I really want to assess why I’m doing something if it’s not to love myself, love others, or experience the beauty of life.

Another struggle is writing about bad times. I have a feeling I need to get some more of it out, from the past 6 years, particularly the past few. I also feel like it might make for good reading. But when I try, it’s too painful and I dissociate from the writing. How do I do this in a healthy, productive way that encourages healing and growth? That is one of my current main focuses. I’m hoping the class I take about memoir writing and healing can help me come to some answers on that.

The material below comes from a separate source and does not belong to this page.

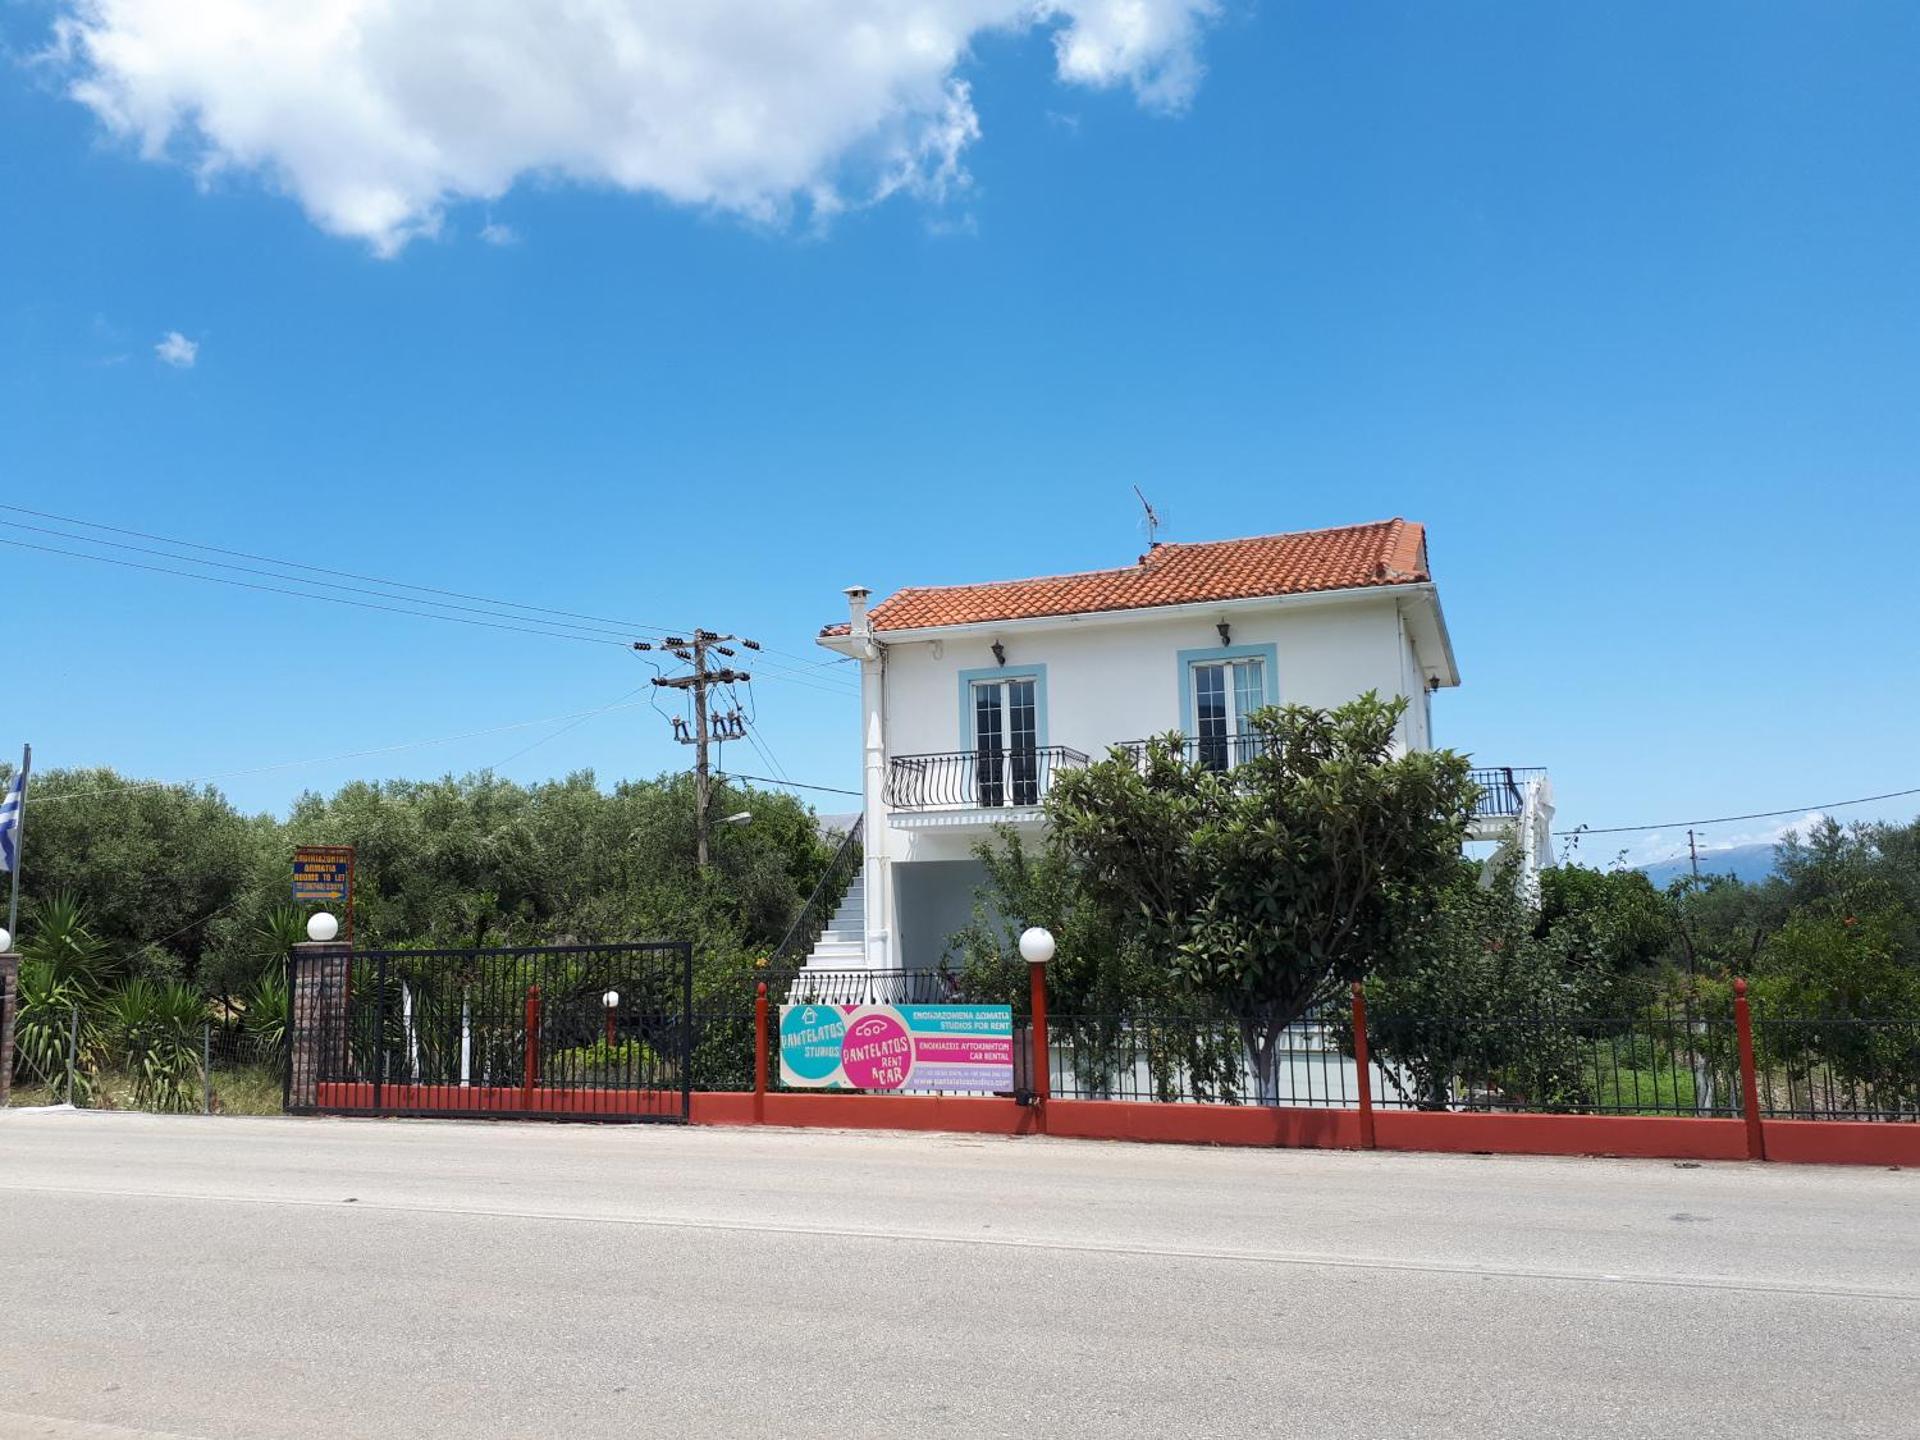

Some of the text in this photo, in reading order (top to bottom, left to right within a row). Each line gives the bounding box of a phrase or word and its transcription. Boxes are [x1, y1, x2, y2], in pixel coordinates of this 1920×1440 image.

Lastly: I am a good bunny parent! My bunnies have PTSD and a very very difficult breed to care for. I am doing my best! No I’m not perfect and don’t spend 24/7 doting on them but they have great lives, especially given where they came from, and I take care of all their needs. I am a good person and doing right by them! For the last time I need so seriously let this one go. It’s OK if they don’t appear to adore me like my cats do. It doesn’t mean I’m not a good person or doing a good job. This is just counter productive because then I avoid much time with them to avoid the bad feelings.

I really need to relax in many areas. Tonight I’m going to try not to worry about “projects” and maybe do some yoga and meditation, and if writing comes to me that would be great but no pressure. I need to cut myself a break!

New Year’s Reading

I’m so happy with how my reading went tonight. When it first started, I blanked. I was so tempted to just close out of the streaming programs and apologize later that I had a panic attack. But something made me take that leap of faith, and it wasn’t dissociation. It was bravery.

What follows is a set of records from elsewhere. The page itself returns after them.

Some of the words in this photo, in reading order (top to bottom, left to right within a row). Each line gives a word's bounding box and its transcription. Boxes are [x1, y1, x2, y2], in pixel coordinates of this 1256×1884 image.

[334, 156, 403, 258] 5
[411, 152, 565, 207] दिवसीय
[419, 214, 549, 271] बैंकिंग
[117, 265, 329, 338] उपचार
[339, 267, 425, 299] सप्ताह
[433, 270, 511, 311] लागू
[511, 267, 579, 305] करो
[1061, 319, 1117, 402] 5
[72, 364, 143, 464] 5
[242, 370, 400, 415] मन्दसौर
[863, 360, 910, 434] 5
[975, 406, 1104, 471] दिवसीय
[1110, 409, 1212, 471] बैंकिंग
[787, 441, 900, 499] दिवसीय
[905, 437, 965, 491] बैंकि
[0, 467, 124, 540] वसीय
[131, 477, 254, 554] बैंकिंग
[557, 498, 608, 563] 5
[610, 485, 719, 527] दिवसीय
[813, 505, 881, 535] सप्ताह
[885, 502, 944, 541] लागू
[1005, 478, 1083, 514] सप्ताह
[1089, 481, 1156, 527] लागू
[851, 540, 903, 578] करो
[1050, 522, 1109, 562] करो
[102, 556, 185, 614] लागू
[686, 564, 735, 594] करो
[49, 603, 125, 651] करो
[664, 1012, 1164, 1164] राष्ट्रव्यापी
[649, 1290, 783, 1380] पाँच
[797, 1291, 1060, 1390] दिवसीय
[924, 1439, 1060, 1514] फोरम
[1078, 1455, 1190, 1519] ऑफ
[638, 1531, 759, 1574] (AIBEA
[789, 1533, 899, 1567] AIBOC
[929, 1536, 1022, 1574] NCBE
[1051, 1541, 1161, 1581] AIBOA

I was smart to put the poem “Joey” first because it loosened me up and made me smile. Ah man, I can’t believe there were like 10 viewers. It’s really awesome and encouraging.

I noticed a lot of patterns and themes in my writing that I hadn’t before. One of the big ones is longing to be an animal and relating with animals more than humans. I hadn’t realized how prevalent this was until I listened to the recording afterwards.

There were a few times I stumbled and lost my place but for the most part, I was present, in a way that I never used to be for my readings in 2011-2016. I feel really accomplished. And not totally freaked out now that it’s over, like I want to self harm or something. Not at all.

Woo!

I’m going to copy in a few poems I read.


Joey

He is effortlessly himself

Light blue eyes

And a messy ginger beard

His chest hair creeps

Above his white tee shirt

And I am left dizzy 

With the caress of my waist

I have been flighty

But he has been steady

Wise and kind

He is my man

We kiss among August fireflies

We laugh so hard over coffee

And when I’m in his arms

He smells like bonfires and sawdust

Like forests and home. 

A grey ambiance

Blurry winter sun

Lavender and yellow sky

A grey ambiance

Light orange mushroom

On a log that is the den

For creatures unknown

A peeling birch tree

One gunshot far away

The crunching of leaves

Black cherry towers

So heavy, tall, and dark

The creaking of pines

Birds

Bluejay lands on branch

Chickadees eat the ragweed

Sky is a pale grey

Pinetrees reach toward the sun

Needles cover the earth below

Dark green boughs; still, cold air

At home with the land

A red tail hawk flies overhead

I sing to myself.

The stratosphere breaks

Light and airy thoughts

Sky cracks of yellow, white, and orange

Brilliant sun through slate lavender clouds

Blush orange and cream horizon

Steel blue shapes, moody

Drifting whisps

Dusty rays of light descend

Ink on my cold hands

I long for community

And fear others humans

Navy hills loom

A pheasant thumps her wings

And disappears into the pines

Four crows fly overheard

Talking to one another

Humans belong to the land

Humans belong to the sky

And I have a clear vision of myself

(Writer, artist, healer, builder, animal) 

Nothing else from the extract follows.